Re: [PATCH -tip] kasan: Emit different calls for instrumentable memintrinsics
From: Jakub Jelinek
Date: Mon Feb 13 2023 - 06:03:13 EST
On Fri, Feb 10, 2023 at 09:07:14PM +0100, Marco Elver wrote:
> On Fri, 10 Feb 2023 at 20:25, Jakub Jelinek <jakub@xxxxxxxxxx> wrote:
> >
> > On Wed, Feb 08, 2023 at 07:42:03PM +0100, Marco Elver wrote:
> > > Clang 15 will provide an option to prefix calls to memcpy/memset/memmove
> > > with __asan_ in instrumented functions: https://reviews.llvm.org/D122724
> > >
> > > GCC does not yet have similar support.
> >
> > GCC has support to rename memcpy/memset etc. for years, say on
> > following compiled with
> > -fsanitize=kernel-address -O2 -mstringop-strategy=libcall
> > (the last option just to make sure the compiler doesn't prefer to emit
> > rep mov*/stos* or loop or something similar, of course kernel can keep
> > whatever it uses) you'll get just __asan_memcpy/__asan_memset calls,
> > no memcpy/memset, while without -fsanitize=kernel-address you get
> > normally memcpy/memset.
>
> > Or do you need the __asan_* functions only in asan instrumented functions
> > and normal ones in non-instrumented functions in the same TU?
>
> Yes, exactly that: __asan_ in instrumented, and normal ones in
> no_sanitize functions; they can be mixed in the same TU. We can't
> rename normal mem*() functions everywhere. In no_sanitize functions
> (in particular noinstr), normal mem*() should be used. But in
> instrumented code, it should be __asan_mem*(). Another longer
> explanation I also just replied here:
> https://lore.kernel.org/all/CANpmjNNH-O+38U6zRWJUCU-eJTfMhUosy==GWEOn1vcu=J2dcw@xxxxxxxxxxxxxx/
>
> At least clang has had this behaviour for user space ASan forever:
> https://godbolt.org/z/h5sWExzef - so it was easy to just add the flag
> to make it behave like in user space for mem*() in the kernel. It
> might also be worthwhile for GCC to emit __asan_ for user space, given
> that the runtimes are shared and the user space runtime definitely has
> __asan_. The kernel needs the param (asan-kernel-mem-intrinsic-prefix)

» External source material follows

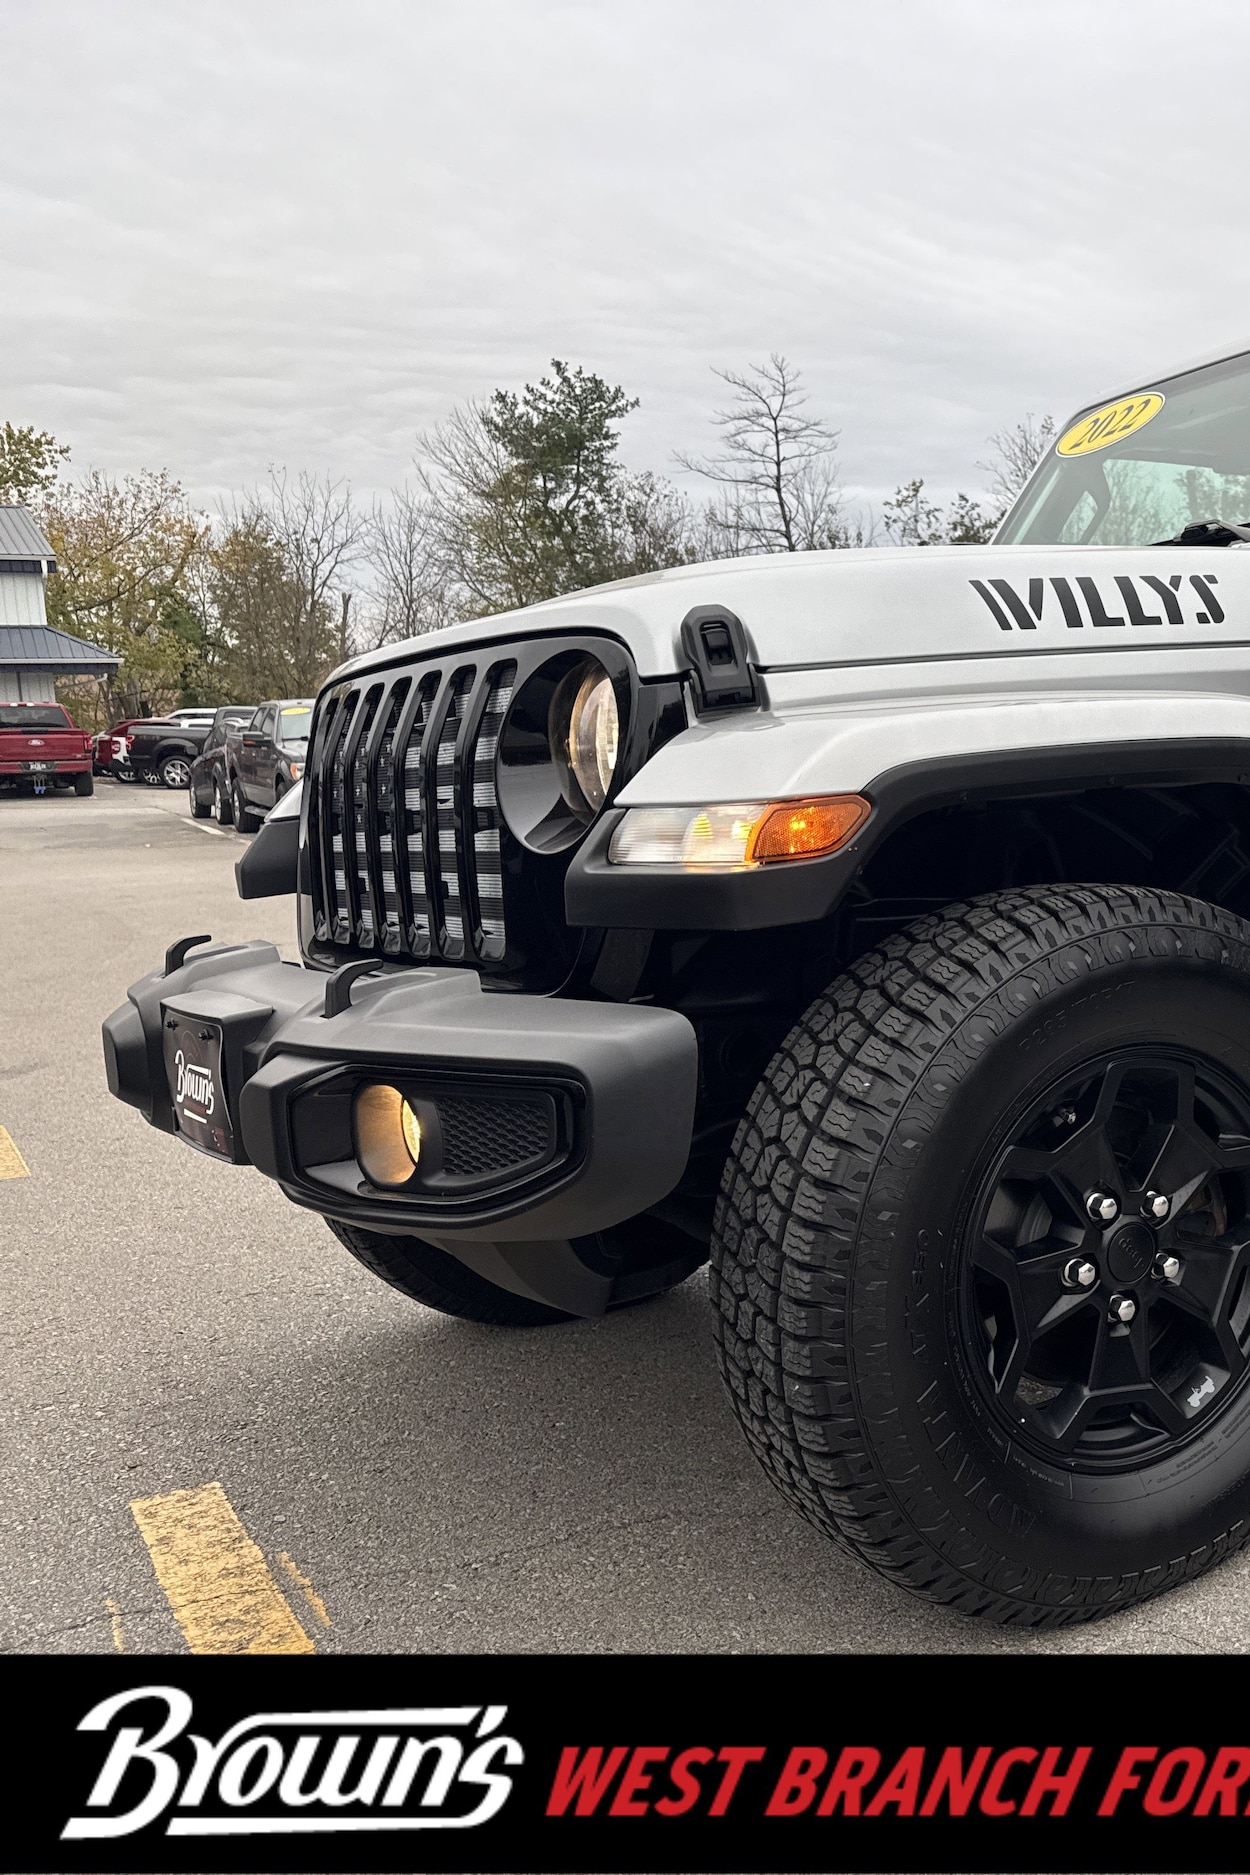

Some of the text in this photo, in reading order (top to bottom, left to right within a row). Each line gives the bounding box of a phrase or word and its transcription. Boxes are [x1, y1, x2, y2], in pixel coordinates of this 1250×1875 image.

> though, to not break older kernels.
So, what exactly you want for gcc to do with
--param asan-kernel-mem-intrinsic-prefix=1 (note, in GCC case it can't be
without the =1 at the end)?
The current gcc behavior is that operations like aggregate copies, or
clearing which might or might not need memcpy/memset/memmove under the hood
later are asan instrumented before the operation (in order not to limit the
choices on how it will be expanded), uses of builtins (__builtin_ prefixed
or not) are also instrumented before the calls unless they are one of the
calls that is recognized as always instrumented. None for hwasan,
for asan:
index, memchr, memcmp, memcpy, memmove, memset, strcasecmp, strcat, strchr,
strcmp, strcpy, strdup, strlen, strncasecmp, strncat, strncmp, strcspn,
strpbrk, strspn, strstr, strncpy
and for those builtins gcc disables inline expansion and enforces a library
call (but until the expansion they are treated in optimizations like normal
builtins and so could be say DCEd, or their aliasing behavior is considered
etc.). kasan behaves the same I think.
Now, I think libasan only has __asan_ prefixed
__asan_memmove, __asan_memset and __asan_memcpy, nothing else, so most of
the calls from the above list even can't be prefixed.
So, do you want for --param asan-kernel-mem-intrinsic-prefix=1 to __asan_
prefix just memcpy/memmove/memset and nothing else? Is it ok to emit
memcpy/memset/memmove from aggregate operations which are instrumented
already at the caller (and similarly is it ok to handle those operations
inline)?
Jakub